When family members who have been separated by their divergent travels come together again, their reunion is a virtual choreography
of
joy. The elephants intertwine their floppy trunks, click their tusks together, and flap their ears. Out may gush fountains of urine. Sometimes the bulky bodies spin around and individuals back into each other. Throughout this period, which may last as long as ten minutes, there’s vocal accompaniment: rumbles, screams, and trumpets.

On joy’s flip side, we enter the territory of grief. Douglas-Hamilton’s team recorded a startling event in 2003 centered on the elephant Eleanor, matriarch of a family called the First Ladies. Well-known to the research team, Eleanor had been seen 106 times over the years. About five and a half months before the incident I’m about to describe, she had given birth. Her calf, a female, was doing fine. Maya, an elephant who had been seen 101 times, was Eleanor’s closest companion, and the researchers strongly suspected that she was Eleanor’s daughter.

On the early evening of October 10, Eleanor was seen dragging her swollen trunk on the ground. One ear and one leg appeared bruised.

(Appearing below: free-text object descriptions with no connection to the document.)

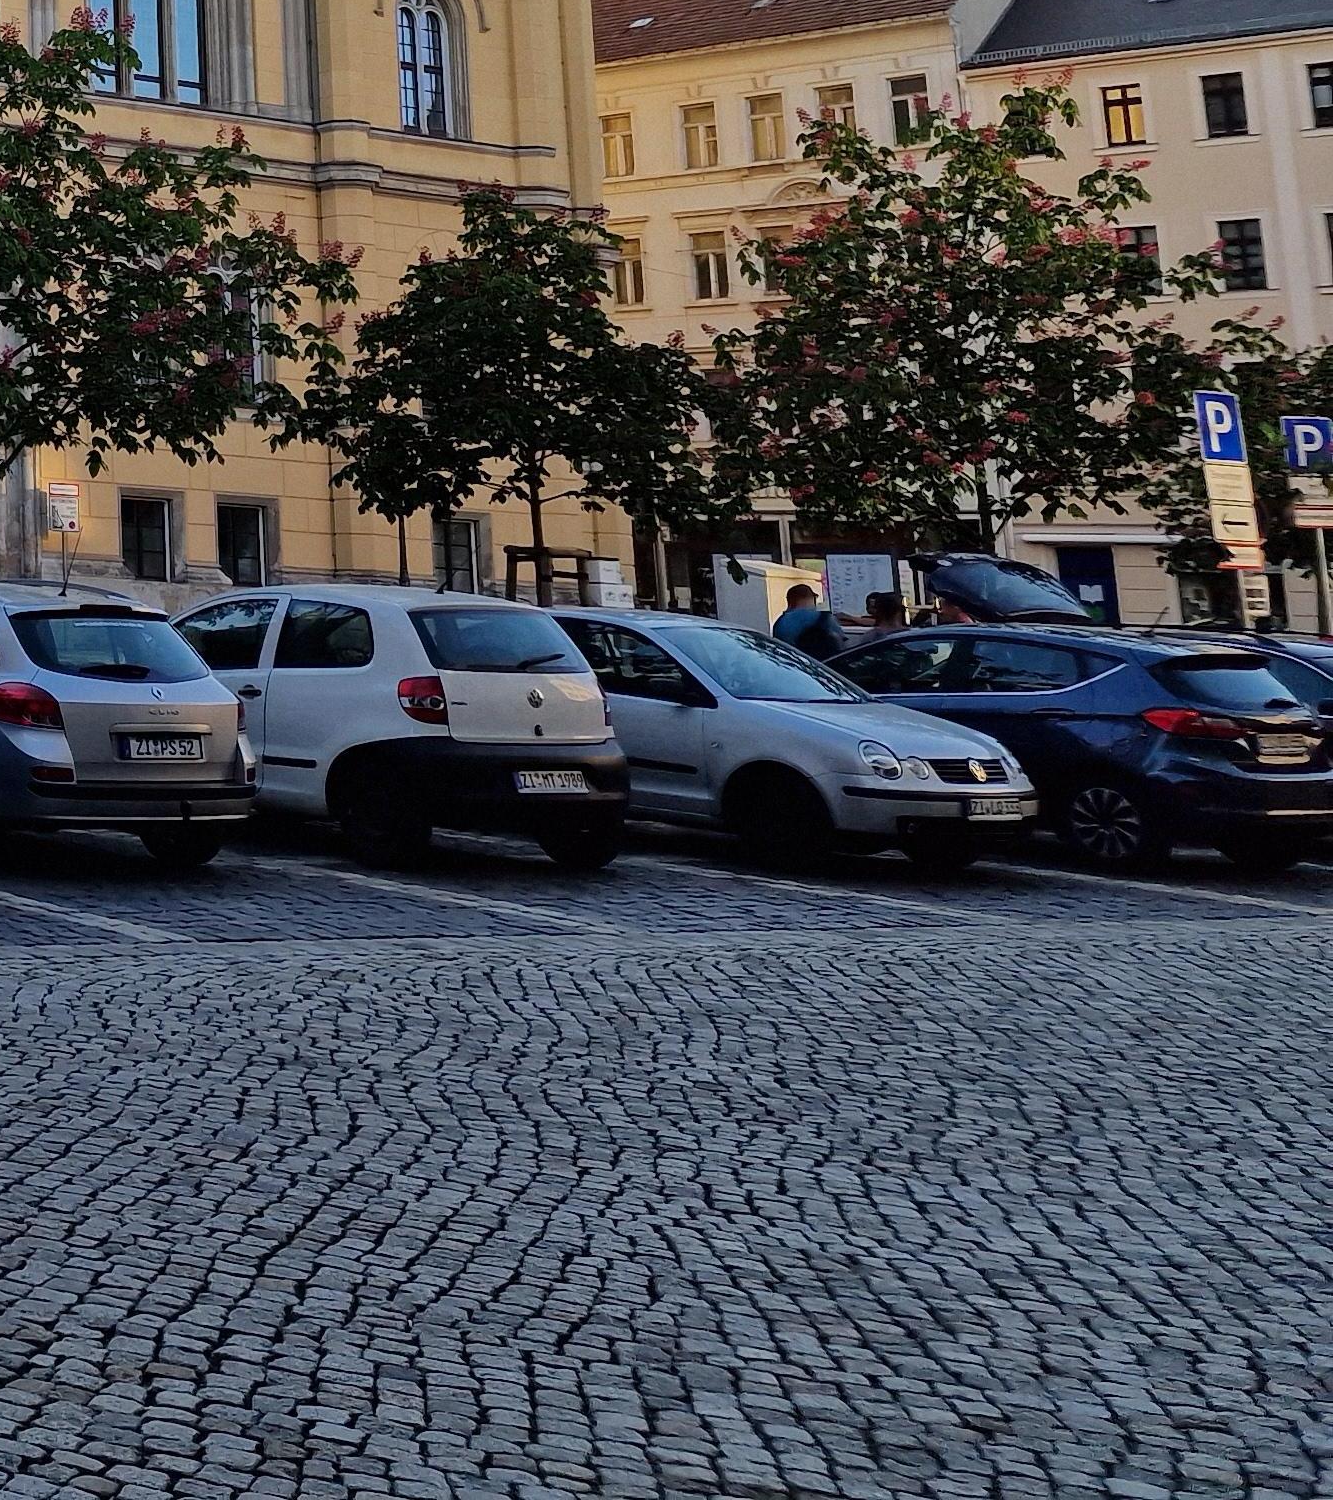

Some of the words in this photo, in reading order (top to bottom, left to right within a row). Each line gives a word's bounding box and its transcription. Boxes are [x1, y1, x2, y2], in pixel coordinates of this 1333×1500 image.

[1205, 401, 1232, 453] P
[1293, 424, 1324, 467] P
[136, 739, 153, 756] ZI
[160, 739, 177, 756] PS
[179, 739, 196, 756] 52
[520, 773, 537, 789] ZI
[543, 773, 556, 789] MT
[557, 772, 584, 788] 1989

As Douglas-Hamilton and his coworkers later reported, she took a “few slow small steps” and then was seen to be “falling heavily to the ground.” Two minutes later, Grace, matriarch of a family called the Virtues, approached. Using her trunk and one foot, she explored Eleanor’s body. Grace then used her tusks to lift Eleanor back onto her feet. Too weak to stay upright, Eleanor collapsed again when Grace pushed her and urged her to walk.

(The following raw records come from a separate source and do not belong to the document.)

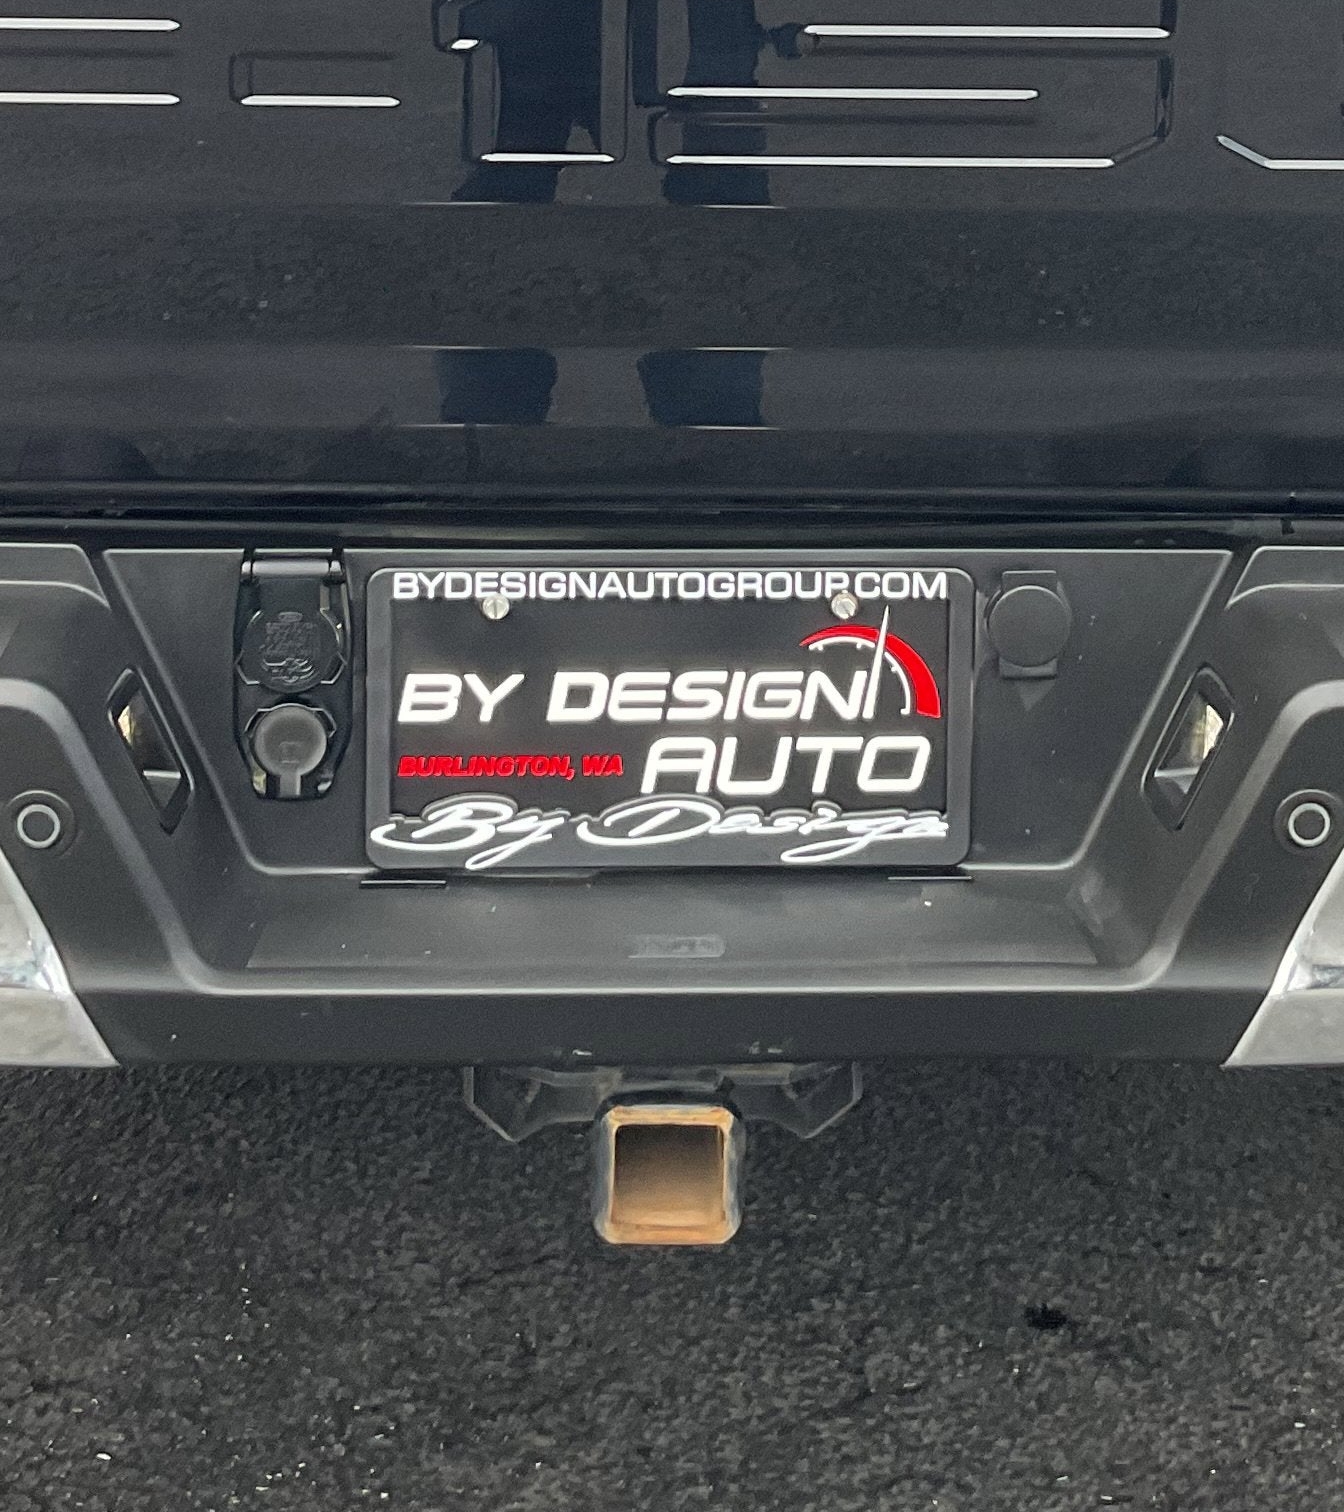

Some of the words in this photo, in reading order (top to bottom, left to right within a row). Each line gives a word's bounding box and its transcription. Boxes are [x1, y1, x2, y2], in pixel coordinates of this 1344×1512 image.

[397, 673, 526, 723] BY
[546, 670, 868, 722] DESIGN
[398, 755, 575, 780] BURLINGTON,
[582, 754, 623, 777] WA
[640, 735, 931, 796] AUTO
[370, 800, 565, 871] By
[576, 799, 949, 863] Design

Grace must have understood something of Eleanor’s dire physical state, because she exhibited extreme distress as she came to Eleanor’s aid, vocalizing and continuing to push Eleanor with her tusks. Even when the rest of her family moved on, Grace stayed put for at least another hour, right at Eleanor’s side. At this point, Maya, the presumed daughter, was far away and could have had no idea that Eleanor was down. In fact, Eleanor never got to her feet again. She died the next morning.

From radio-tracking we know that on the second day, Maya came within ten meters of Eleanor. But it was an elephant called Maui, from a family known as the Hawaiian Islands, who showed a keen response to Eleanor’s body. She extended her trunk, sniffed and touched the body, then put her trunk into her mouth to taste it. With her right foot, Maui
hovered
over Eleanor; she nudged her and pulled the body with her left foot and trunk. I assume she was trying to right Eleanor, as Grace had the day before. Then Maui did something different: she stood over the body and rocked back and forth. Together these actions lasted for eight minutes.

For a full week after Eleanor’s death, elephants came to the body in a parade of exploration and emotion. On day three, the park rangers cut the tusks from Eleanor’s body, an act that must have been designed to thwart ivory poachers. From that point forward, what remained was a severely disfigured elephant body. Eleanor’s trunk was severed, and where the tusks normally would be were only open holes.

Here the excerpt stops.